### THE PROBLEM:
Your answer should be the records, copied exactly, with the pictures removed.

──────────────────────────────

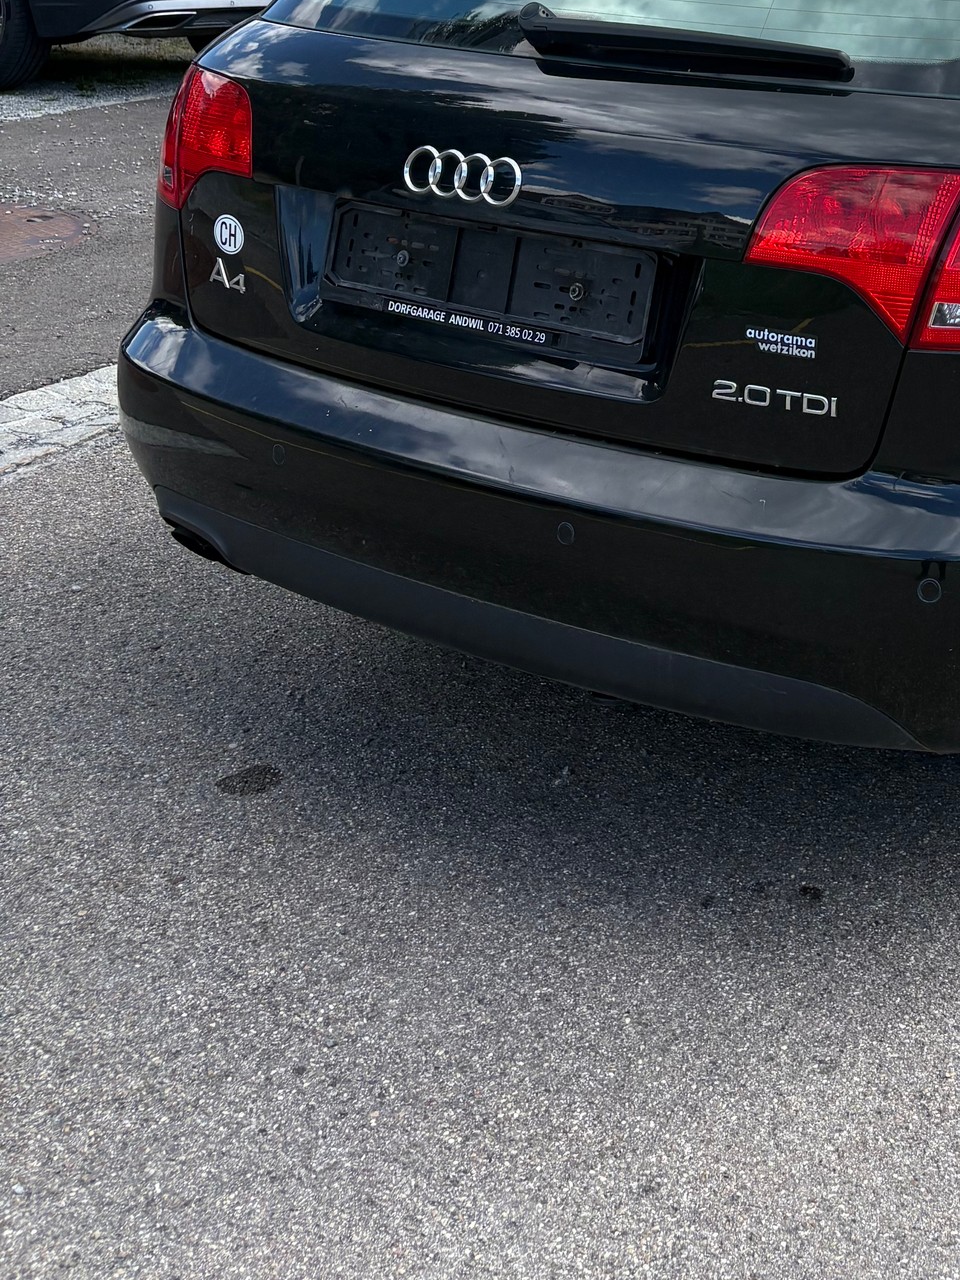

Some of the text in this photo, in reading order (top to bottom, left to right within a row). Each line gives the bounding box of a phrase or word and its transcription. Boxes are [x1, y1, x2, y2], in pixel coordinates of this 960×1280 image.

[220, 221, 237, 248] CH
[209, 256, 246, 294] A4
[388, 301, 546, 344] DORFGARAGE ANDWIL 071 385 02 29
[746, 328, 816, 348] autorama
[758, 342, 816, 359] wetzikon
[712, 379, 838, 417] 2.0 TDI

──────────────────────────────

### ANSWER BOX:
Some of the text in this photo, in reading order (top to bottom, left to right within a row). Each line gives the bounding box of a phrase or word and its transcription. Boxes are [x1, y1, x2, y2], in pixel coordinates of this 960×1280 image.

[220, 221, 237, 248] CH
[209, 256, 246, 294] A4
[388, 301, 546, 344] DORFGARAGE ANDWIL 071 385 02 29
[746, 328, 816, 348] autorama
[758, 342, 816, 359] wetzikon
[712, 379, 838, 417] 2.0 TDI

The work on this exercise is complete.